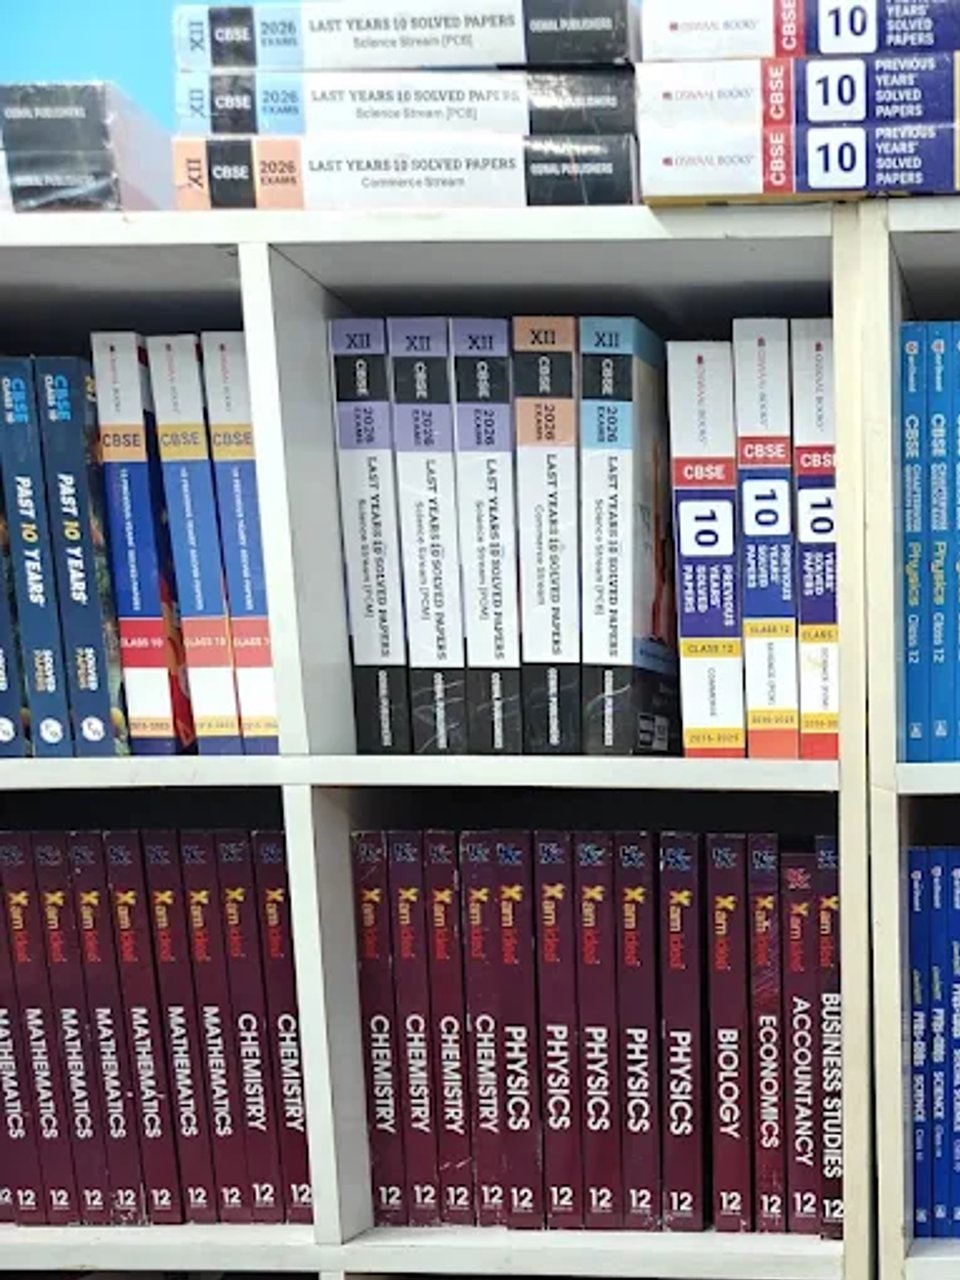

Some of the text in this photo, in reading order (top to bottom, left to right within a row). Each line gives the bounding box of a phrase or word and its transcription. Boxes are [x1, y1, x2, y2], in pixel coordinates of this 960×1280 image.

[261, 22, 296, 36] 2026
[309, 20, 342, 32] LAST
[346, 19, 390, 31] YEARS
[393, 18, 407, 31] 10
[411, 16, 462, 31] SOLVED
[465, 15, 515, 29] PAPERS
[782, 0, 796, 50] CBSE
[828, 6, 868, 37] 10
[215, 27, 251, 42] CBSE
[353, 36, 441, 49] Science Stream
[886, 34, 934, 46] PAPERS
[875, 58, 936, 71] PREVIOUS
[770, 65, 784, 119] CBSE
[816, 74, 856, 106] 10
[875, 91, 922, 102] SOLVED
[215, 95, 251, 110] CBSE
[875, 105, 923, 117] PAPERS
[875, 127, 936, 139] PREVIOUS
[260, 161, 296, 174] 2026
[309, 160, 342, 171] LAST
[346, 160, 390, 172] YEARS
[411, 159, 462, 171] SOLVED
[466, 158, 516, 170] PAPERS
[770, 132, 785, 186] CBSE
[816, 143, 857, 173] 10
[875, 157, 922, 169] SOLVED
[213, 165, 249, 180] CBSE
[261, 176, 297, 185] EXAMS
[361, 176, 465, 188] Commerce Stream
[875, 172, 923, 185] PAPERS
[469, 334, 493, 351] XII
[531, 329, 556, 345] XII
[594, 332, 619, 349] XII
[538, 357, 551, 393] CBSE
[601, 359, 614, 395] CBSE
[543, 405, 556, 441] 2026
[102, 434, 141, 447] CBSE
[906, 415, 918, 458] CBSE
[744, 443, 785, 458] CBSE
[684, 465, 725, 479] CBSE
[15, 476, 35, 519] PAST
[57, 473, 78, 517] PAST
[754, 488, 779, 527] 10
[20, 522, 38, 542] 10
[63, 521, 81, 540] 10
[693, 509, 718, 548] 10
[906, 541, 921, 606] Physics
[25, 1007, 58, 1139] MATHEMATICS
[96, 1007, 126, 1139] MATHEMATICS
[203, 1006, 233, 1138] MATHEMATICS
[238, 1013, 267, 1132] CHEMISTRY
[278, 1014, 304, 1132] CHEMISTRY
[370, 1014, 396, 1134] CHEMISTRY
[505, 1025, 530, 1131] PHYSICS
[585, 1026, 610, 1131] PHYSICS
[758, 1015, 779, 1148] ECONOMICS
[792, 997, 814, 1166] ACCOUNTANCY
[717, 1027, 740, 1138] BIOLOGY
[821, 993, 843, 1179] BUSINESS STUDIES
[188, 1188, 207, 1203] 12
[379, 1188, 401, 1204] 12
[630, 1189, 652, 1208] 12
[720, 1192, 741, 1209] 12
---
ASSIGNMENT: Print every record exactly, without the pictures.

WRITTEN SOLUTION:
Some of the text in this photo, in reading order (top to bottom, left to right within a row). Each line gives the bounding box of a phrase or word and its transcription. Boxes are [x1, y1, x2, y2], in pixel coordinates of this 960×1280 image.

[261, 22, 296, 36] 2026
[309, 20, 342, 32] LAST
[346, 19, 390, 31] YEARS
[393, 18, 407, 31] 10
[411, 16, 462, 31] SOLVED
[465, 15, 515, 29] PAPERS
[782, 0, 796, 50] CBSE
[828, 6, 868, 37] 10
[215, 27, 251, 42] CBSE
[353, 36, 441, 49] Science Stream
[886, 34, 934, 46] PAPERS
[875, 58, 936, 71] PREVIOUS
[770, 65, 784, 119] CBSE
[816, 74, 856, 106] 10
[875, 91, 922, 102] SOLVED
[215, 95, 251, 110] CBSE
[875, 105, 923, 117] PAPERS
[875, 127, 936, 139] PREVIOUS
[260, 161, 296, 174] 2026
[309, 160, 342, 171] LAST
[346, 160, 390, 172] YEARS
[411, 159, 462, 171] SOLVED
[466, 158, 516, 170] PAPERS
[770, 132, 785, 186] CBSE
[816, 143, 857, 173] 10
[875, 157, 922, 169] SOLVED
[213, 165, 249, 180] CBSE
[261, 176, 297, 185] EXAMS
[361, 176, 465, 188] Commerce Stream
[875, 172, 923, 185] PAPERS
[469, 334, 493, 351] XII
[531, 329, 556, 345] XII
[594, 332, 619, 349] XII
[538, 357, 551, 393] CBSE
[601, 359, 614, 395] CBSE
[543, 405, 556, 441] 2026
[102, 434, 141, 447] CBSE
[906, 415, 918, 458] CBSE
[744, 443, 785, 458] CBSE
[684, 465, 725, 479] CBSE
[15, 476, 35, 519] PAST
[57, 473, 78, 517] PAST
[754, 488, 779, 527] 10
[20, 522, 38, 542] 10
[63, 521, 81, 540] 10
[693, 509, 718, 548] 10
[906, 541, 921, 606] Physics
[25, 1007, 58, 1139] MATHEMATICS
[96, 1007, 126, 1139] MATHEMATICS
[203, 1006, 233, 1138] MATHEMATICS
[238, 1013, 267, 1132] CHEMISTRY
[278, 1014, 304, 1132] CHEMISTRY
[370, 1014, 396, 1134] CHEMISTRY
[505, 1025, 530, 1131] PHYSICS
[585, 1026, 610, 1131] PHYSICS
[758, 1015, 779, 1148] ECONOMICS
[792, 997, 814, 1166] ACCOUNTANCY
[717, 1027, 740, 1138] BIOLOGY
[821, 993, 843, 1179] BUSINESS STUDIES
[188, 1188, 207, 1203] 12
[379, 1188, 401, 1204] 12
[630, 1189, 652, 1208] 12
[720, 1192, 741, 1209] 12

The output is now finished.